Page 44 of Finding London

My heart shatters beneath my aching chest. I can’t believe I never saw my reality for what it was. I suppose I had to believe—at least when I was younger—so I would have the strength to get through each horrible day. Maybe my mind is finally ready to accept the truth because I’m old enough now.

I don’t need to suffer in these homes until I’m rescued. I need to save myself.

Complete clarity envelops me. For the first time since I stepped foot in Dwight and Stacey’s home when I was seven years old, I have control—or at least, I will.

I don’t bother to say anything else to Bev as I step around her and march to my makeshift bedroom, which also houses the thirty-year-old washer and dryer. I shoot a quick glance behind me to see if anyone followed me. I’m relieved when I see that no one is there. It wouldn’t have mattered, but it just makes things easier.

Before reaching my sleeping space, I duck into Sarah’s room. “Hey,” I whisper.

Startled, Sarah whips her head up from the book she’s reading. Her long, curly strawberry-blonde hair swooshes over her shoulders, and her big blue eyes are open wide.

“I’m leaving. Come with me.”

I don’t know why I’m including Sarah in my plans. I need to focus on myself. But something deep in my gut tells me not to leave her here. This place is slowly killing her. I barely know her, but I know that much.

“I…I can’t.” She shakes her head.

“Look, I don’t really have a plan, but we’ll figure it out. I don’t want to leave you here, alone…with Carl.”

Her body visibly shudders when I say his name.

“Please come with me. I won’t hurt you. Grab a bag. Pack the essentials—clothes, toiletries, your personal stuff, a jacket, and maybe a blanket, if you can fit it. Just get what you can carry. We’re leaving in ten minutes.”

She stands, and I exit her room before heading to mine.

This is insane. My behavior is completely reckless, yet this is the happiest I’ve been in a long time. Hope grows in my chest, and it’s not of the delusional variety. I’m taking control of my life, and regardless of what happens when I leave this house, it will be of my doing. Who knows? Maybe I’ll starve to death. But who freaking cares? It will be because of my actions and no one else’s.

I feel a wave of caution come over me as I think about the fact that I’m involving Sarah in my rebellion. But then I realize that she’d probably rather starve to death than stay here with Carl any day.

I’ve packed up all my belongings into a backpack and my duffel bag. I’ve even managed to swipe a blanket and pillow. Something tells me that I’m going to be glad I did.

In the bathroom, I find several unopened toothbrushes, a brand-new tube of toothpaste, deodorant, and shampoo, so I take them, too. I have no idea what I’m doing, but I’m trying to think of things that I’ll want the most while homeless. I realize that food will probably be at the top of that list, but I know that good old Bev isn’t going to let me raid her pantry when I leave, so I’ll have to figure out the food issue later.

When I pack everything that I think I need—at least the items I have access to—I meet Sarah in her room.
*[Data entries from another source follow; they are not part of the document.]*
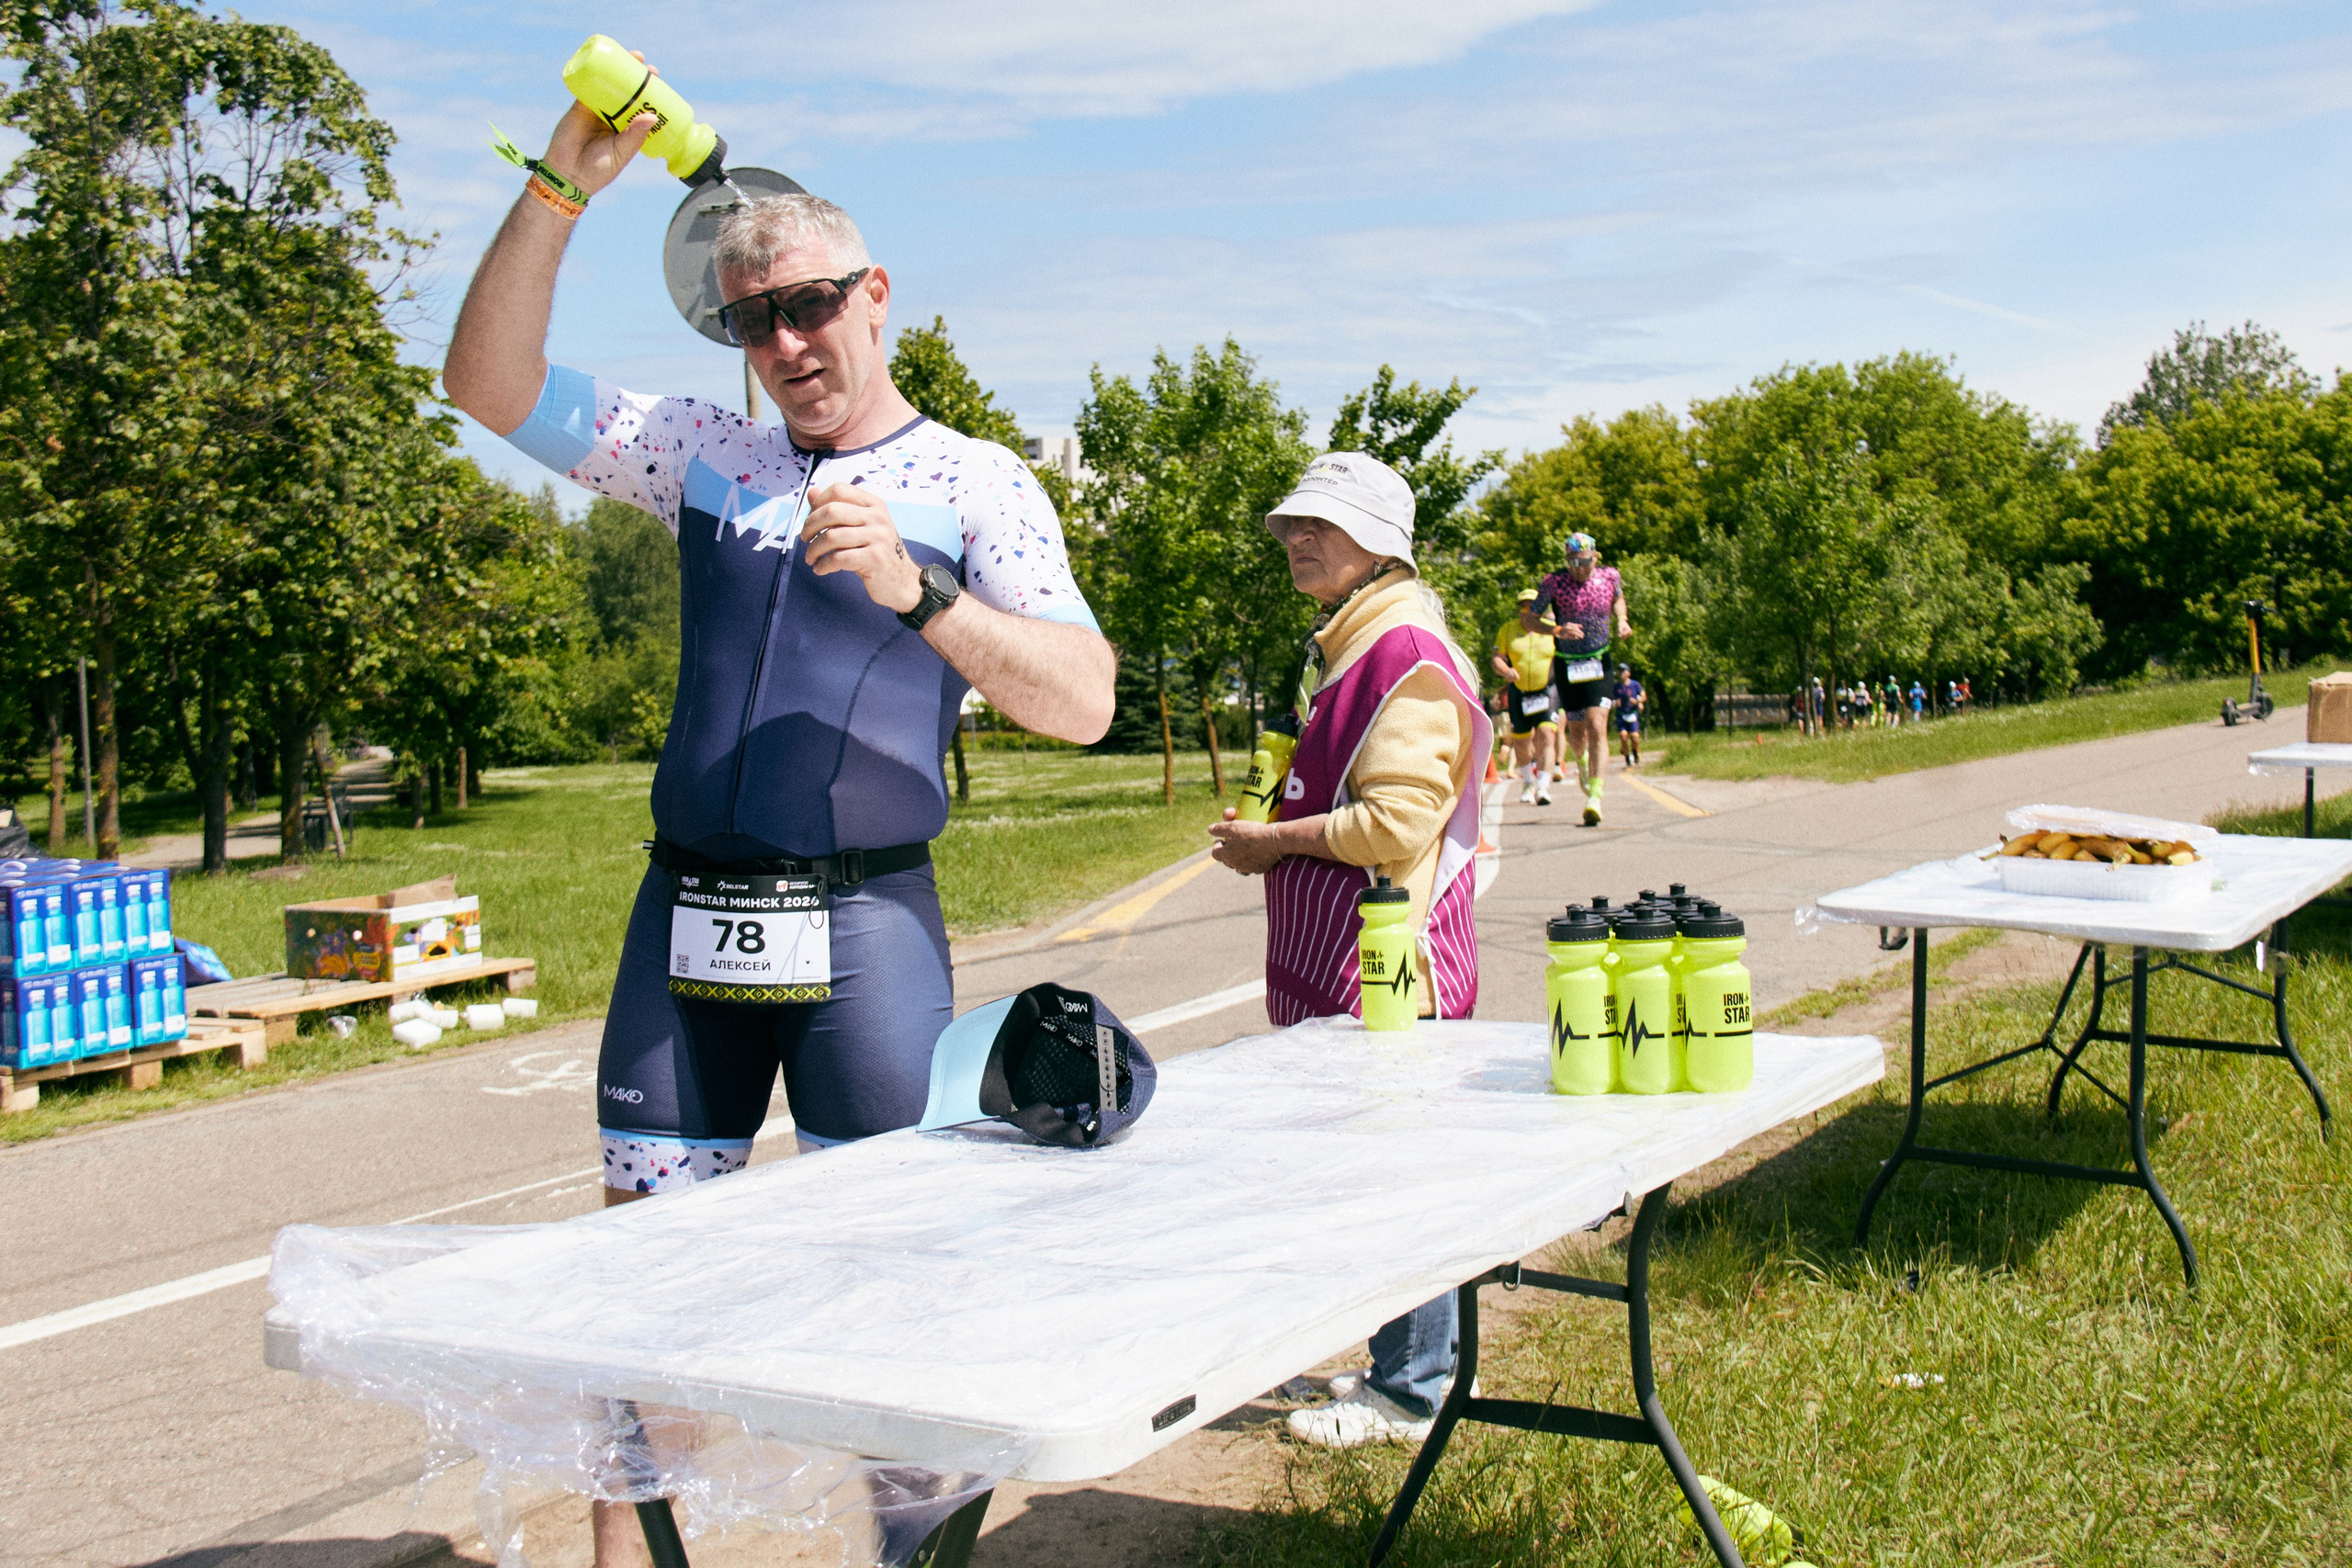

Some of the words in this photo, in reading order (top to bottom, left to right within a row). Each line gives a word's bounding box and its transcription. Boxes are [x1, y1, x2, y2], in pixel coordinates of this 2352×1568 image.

[680, 891, 726, 907] IRONSTAR
[729, 897, 780, 908] МИНСК
[783, 896, 820, 908] 2026
[712, 919, 765, 954] 78
[709, 958, 771, 971] АЛЕКСЕЙ
[1363, 961, 1385, 975] STAR
[1724, 993, 1744, 1007] IRON
[1724, 1006, 1750, 1024] STAR
[604, 1084, 644, 1103] MAKO
“You ready?” I say in a low voice.

She looks terrified, but she nods her head.

“I got some bathroom things, but did you grab stuff that you’ll need, like a brush or something?” I have no idea what goes into being a girl, but looking at Sarah’s hair, I know a brush must be involved.

She nods again.

She’s so sweet. I hardly know her, but I feel like it’s my duty to protect her. I think that involves being honest.

“Look, I don’t know if I mentioned this before, but when we leave, we’re probably going to be homeless.” I think that seems important to mention.

The corners of her lips turn up slightly, and if I’m not mistaken, for Sarah, that’s like a smile.

“I know,” she answers quietly.

“And you still want to come?” I decide to give her an out.

She nods once more.

“And you packed everything you think you’ll need for a life on the street?” Okay, I admit I’m being a bit dramatic.

For all I know, we’ll be picked up by the police before we get a mile away. But the mere chance that we won’t is so exciting.